▶ _ABOUT THIS TASK_:
Every line of the material must be reproduced exactly.
################
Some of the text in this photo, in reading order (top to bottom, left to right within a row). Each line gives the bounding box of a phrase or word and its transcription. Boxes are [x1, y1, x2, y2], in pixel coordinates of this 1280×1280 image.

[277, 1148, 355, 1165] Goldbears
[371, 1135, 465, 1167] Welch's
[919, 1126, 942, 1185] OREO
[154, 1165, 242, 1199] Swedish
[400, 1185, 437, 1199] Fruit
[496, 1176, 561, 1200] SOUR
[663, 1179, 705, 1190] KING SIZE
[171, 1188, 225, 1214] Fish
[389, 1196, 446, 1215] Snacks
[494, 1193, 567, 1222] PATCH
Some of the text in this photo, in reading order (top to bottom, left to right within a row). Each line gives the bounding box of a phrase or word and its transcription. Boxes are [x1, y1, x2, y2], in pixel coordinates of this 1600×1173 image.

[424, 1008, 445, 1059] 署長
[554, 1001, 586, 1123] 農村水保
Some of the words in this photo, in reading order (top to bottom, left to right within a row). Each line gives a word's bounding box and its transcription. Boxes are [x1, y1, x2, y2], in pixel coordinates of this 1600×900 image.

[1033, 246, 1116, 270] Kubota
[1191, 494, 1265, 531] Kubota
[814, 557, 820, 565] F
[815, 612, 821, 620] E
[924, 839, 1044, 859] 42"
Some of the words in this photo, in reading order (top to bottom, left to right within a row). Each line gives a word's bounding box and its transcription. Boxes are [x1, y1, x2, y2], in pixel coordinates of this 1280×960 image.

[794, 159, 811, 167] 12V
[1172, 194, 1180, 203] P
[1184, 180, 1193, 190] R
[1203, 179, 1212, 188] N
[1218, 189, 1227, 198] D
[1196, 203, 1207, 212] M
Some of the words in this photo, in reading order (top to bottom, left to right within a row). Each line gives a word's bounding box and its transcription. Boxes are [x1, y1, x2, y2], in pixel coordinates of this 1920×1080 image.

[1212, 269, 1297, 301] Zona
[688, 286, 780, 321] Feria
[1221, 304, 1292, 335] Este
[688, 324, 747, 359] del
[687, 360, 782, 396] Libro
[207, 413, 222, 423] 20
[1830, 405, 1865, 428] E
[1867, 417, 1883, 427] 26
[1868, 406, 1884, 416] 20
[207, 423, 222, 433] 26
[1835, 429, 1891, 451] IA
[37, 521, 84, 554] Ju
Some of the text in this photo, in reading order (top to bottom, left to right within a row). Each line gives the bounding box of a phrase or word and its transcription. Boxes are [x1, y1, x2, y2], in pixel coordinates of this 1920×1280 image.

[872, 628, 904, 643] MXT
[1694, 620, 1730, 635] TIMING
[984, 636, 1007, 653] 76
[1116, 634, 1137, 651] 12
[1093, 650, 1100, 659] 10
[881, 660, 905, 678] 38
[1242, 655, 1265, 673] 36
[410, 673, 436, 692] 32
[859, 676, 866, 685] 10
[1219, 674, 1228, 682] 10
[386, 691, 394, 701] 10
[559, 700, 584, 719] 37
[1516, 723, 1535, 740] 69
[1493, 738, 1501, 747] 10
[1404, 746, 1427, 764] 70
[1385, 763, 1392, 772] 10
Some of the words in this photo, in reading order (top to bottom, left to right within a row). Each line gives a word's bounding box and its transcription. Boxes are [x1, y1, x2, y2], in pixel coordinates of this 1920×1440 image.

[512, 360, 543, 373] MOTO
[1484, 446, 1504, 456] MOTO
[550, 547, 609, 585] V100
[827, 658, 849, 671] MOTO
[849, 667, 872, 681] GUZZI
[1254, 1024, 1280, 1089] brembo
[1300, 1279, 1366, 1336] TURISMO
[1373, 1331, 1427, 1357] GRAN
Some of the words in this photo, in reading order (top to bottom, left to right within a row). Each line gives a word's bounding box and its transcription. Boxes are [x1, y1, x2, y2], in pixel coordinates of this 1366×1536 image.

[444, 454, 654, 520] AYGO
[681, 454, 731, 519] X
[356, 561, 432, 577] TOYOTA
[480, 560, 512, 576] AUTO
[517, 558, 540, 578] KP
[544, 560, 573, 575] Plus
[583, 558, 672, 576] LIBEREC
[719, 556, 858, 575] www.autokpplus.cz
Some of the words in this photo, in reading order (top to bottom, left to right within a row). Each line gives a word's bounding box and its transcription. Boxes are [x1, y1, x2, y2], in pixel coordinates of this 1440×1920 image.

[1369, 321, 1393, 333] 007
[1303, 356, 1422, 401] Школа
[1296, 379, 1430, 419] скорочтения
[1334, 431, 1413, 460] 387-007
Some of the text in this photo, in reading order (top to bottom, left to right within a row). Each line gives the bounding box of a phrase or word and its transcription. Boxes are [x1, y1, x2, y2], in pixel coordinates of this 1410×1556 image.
################
▶ _TASK OUTPUT_:
Some of the text in this photo, in reading order (top to bottom, left to right within a row). Each line gives the bounding box of a phrase or word and its transcription. Boxes are [x1, y1, x2, y2], in pixel coordinates of this 1280×1280 image.

[277, 1148, 355, 1165] Goldbears
[371, 1135, 465, 1167] Welch's
[919, 1126, 942, 1185] OREO
[154, 1165, 242, 1199] Swedish
[400, 1185, 437, 1199] Fruit
[496, 1176, 561, 1200] SOUR
[663, 1179, 705, 1190] KING SIZE
[171, 1188, 225, 1214] Fish
[389, 1196, 446, 1215] Snacks
[494, 1193, 567, 1222] PATCH
Some of the text in this photo, in reading order (top to bottom, left to right within a row). Each line gives the bounding box of a phrase or word and its transcription. Boxes are [x1, y1, x2, y2], in pixel coordinates of this 1600×1173 image.

[424, 1008, 445, 1059] 署長
[554, 1001, 586, 1123] 農村水保
Some of the words in this photo, in reading order (top to bottom, left to right within a row). Each line gives a word's bounding box and its transcription. Boxes are [x1, y1, x2, y2], in pixel coordinates of this 1600×900 image.

[1033, 246, 1116, 270] Kubota
[1191, 494, 1265, 531] Kubota
[814, 557, 820, 565] F
[815, 612, 821, 620] E
[924, 839, 1044, 859] 42"
Some of the words in this photo, in reading order (top to bottom, left to right within a row). Each line gives a word's bounding box and its transcription. Boxes are [x1, y1, x2, y2], in pixel coordinates of this 1280×960 image.

[794, 159, 811, 167] 12V
[1172, 194, 1180, 203] P
[1184, 180, 1193, 190] R
[1203, 179, 1212, 188] N
[1218, 189, 1227, 198] D
[1196, 203, 1207, 212] M
Some of the words in this photo, in reading order (top to bottom, left to right within a row). Each line gives a word's bounding box and its transcription. Boxes are [x1, y1, x2, y2], in pixel coordinates of this 1920×1080 image.

[1212, 269, 1297, 301] Zona
[688, 286, 780, 321] Feria
[1221, 304, 1292, 335] Este
[688, 324, 747, 359] del
[687, 360, 782, 396] Libro
[207, 413, 222, 423] 20
[1830, 405, 1865, 428] E
[1867, 417, 1883, 427] 26
[1868, 406, 1884, 416] 20
[207, 423, 222, 433] 26
[1835, 429, 1891, 451] IA
[37, 521, 84, 554] Ju
Some of the text in this photo, in reading order (top to bottom, left to right within a row). Each line gives the bounding box of a phrase or word and its transcription. Boxes are [x1, y1, x2, y2], in pixel coordinates of this 1920×1280 image.

[872, 628, 904, 643] MXT
[1694, 620, 1730, 635] TIMING
[984, 636, 1007, 653] 76
[1116, 634, 1137, 651] 12
[1093, 650, 1100, 659] 10
[881, 660, 905, 678] 38
[1242, 655, 1265, 673] 36
[410, 673, 436, 692] 32
[859, 676, 866, 685] 10
[1219, 674, 1228, 682] 10
[386, 691, 394, 701] 10
[559, 700, 584, 719] 37
[1516, 723, 1535, 740] 69
[1493, 738, 1501, 747] 10
[1404, 746, 1427, 764] 70
[1385, 763, 1392, 772] 10
Some of the words in this photo, in reading order (top to bottom, left to right within a row). Each line gives a word's bounding box and its transcription. Boxes are [x1, y1, x2, y2], in pixel coordinates of this 1920×1440 image.

[512, 360, 543, 373] MOTO
[1484, 446, 1504, 456] MOTO
[550, 547, 609, 585] V100
[827, 658, 849, 671] MOTO
[849, 667, 872, 681] GUZZI
[1254, 1024, 1280, 1089] brembo
[1300, 1279, 1366, 1336] TURISMO
[1373, 1331, 1427, 1357] GRAN
Some of the words in this photo, in reading order (top to bottom, left to right within a row). Each line gives a word's bounding box and its transcription. Boxes are [x1, y1, x2, y2], in pixel coordinates of this 1366×1536 image.

[444, 454, 654, 520] AYGO
[681, 454, 731, 519] X
[356, 561, 432, 577] TOYOTA
[480, 560, 512, 576] AUTO
[517, 558, 540, 578] KP
[544, 560, 573, 575] Plus
[583, 558, 672, 576] LIBEREC
[719, 556, 858, 575] www.autokpplus.cz
Some of the words in this photo, in reading order (top to bottom, left to right within a row). Each line gives a word's bounding box and its transcription. Boxes are [x1, y1, x2, y2], in pixel coordinates of this 1440×1920 image.

[1369, 321, 1393, 333] 007
[1303, 356, 1422, 401] Школа
[1296, 379, 1430, 419] скорочтения
[1334, 431, 1413, 460] 387-007
Some of the text in this photo, in reading order (top to bottom, left to right within a row). Each line gives the bounding box of a phrase or word and its transcription. Boxes are [x1, y1, x2, y2], in pixel coordinates of this 1410×1556 image.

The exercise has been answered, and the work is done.